START Listed entries
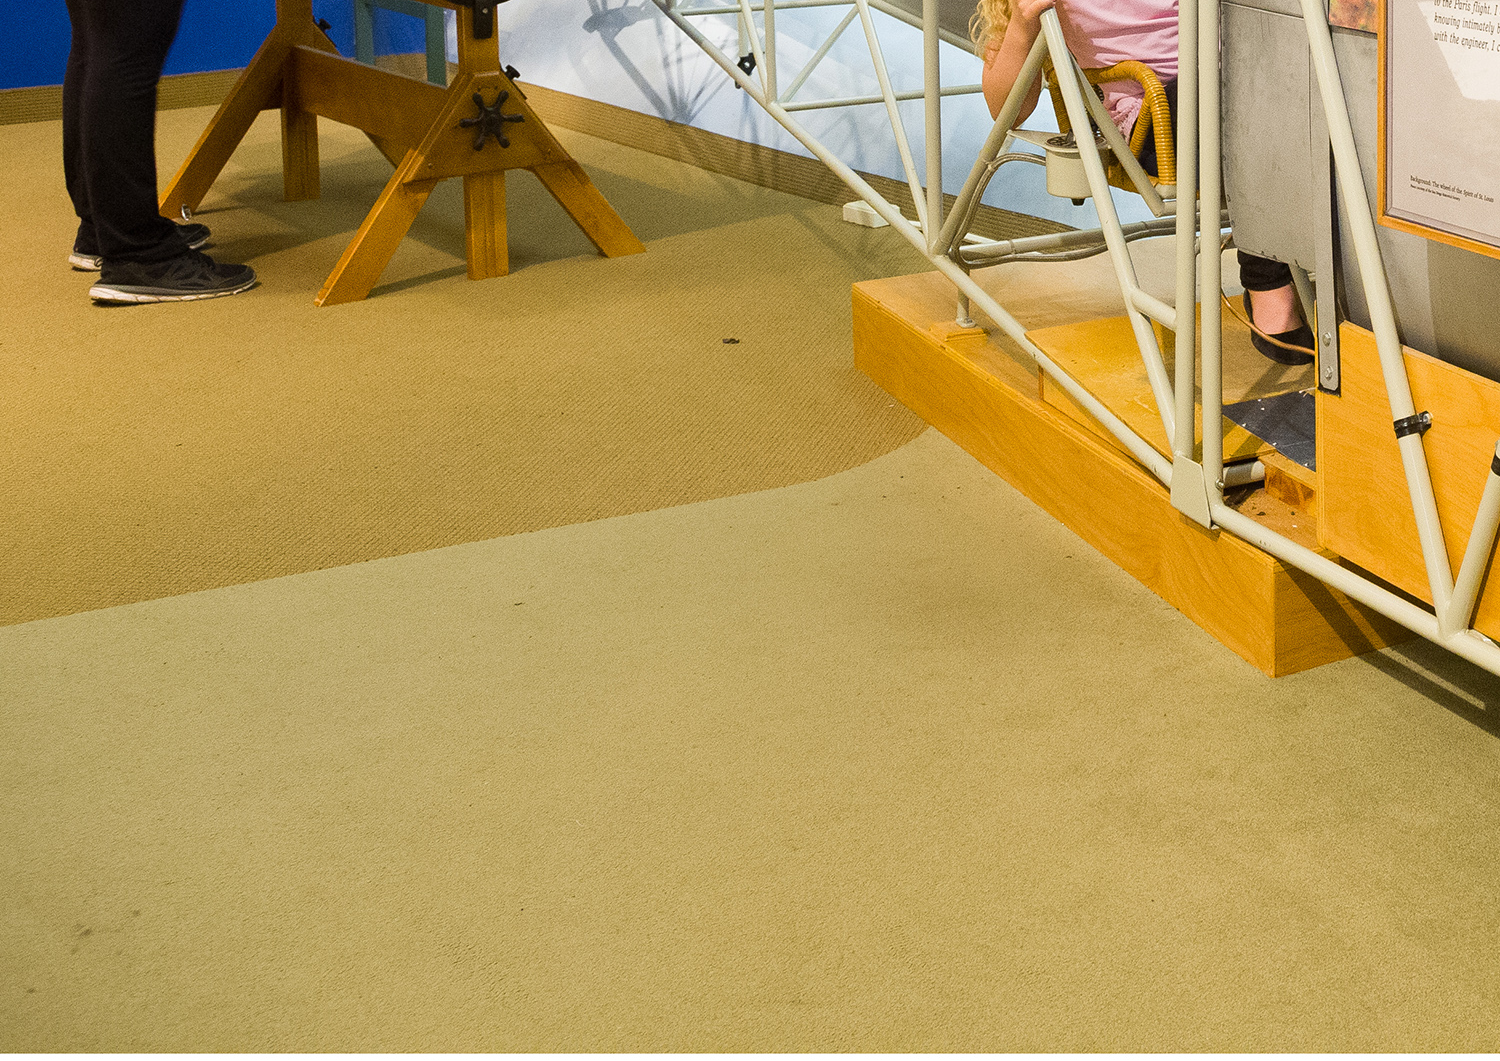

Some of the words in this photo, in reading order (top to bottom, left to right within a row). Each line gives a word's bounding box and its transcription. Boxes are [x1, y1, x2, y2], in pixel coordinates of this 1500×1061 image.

[1494, 4, 1498, 16] I
[1434, 12, 1460, 28] knowing
[1462, 17, 1494, 35] intimately
[1434, 31, 1448, 42] with
[1450, 33, 1459, 44] the
[1461, 35, 1489, 52] engineer,
[1491, 40, 1495, 51] I
END Listed entries
Images in the records must not be repeated; everything else should be returned exactly.

→ Response:
Some of the words in this photo, in reading order (top to bottom, left to right within a row). Each line gives a word's bounding box and its transcription. Boxes are [x1, y1, x2, y2], in pixel coordinates of this 1500×1061 image.

[1494, 4, 1498, 16] I
[1434, 12, 1460, 28] knowing
[1462, 17, 1494, 35] intimately
[1434, 31, 1448, 42] with
[1450, 33, 1459, 44] the
[1461, 35, 1489, 52] engineer,
[1491, 40, 1495, 51] I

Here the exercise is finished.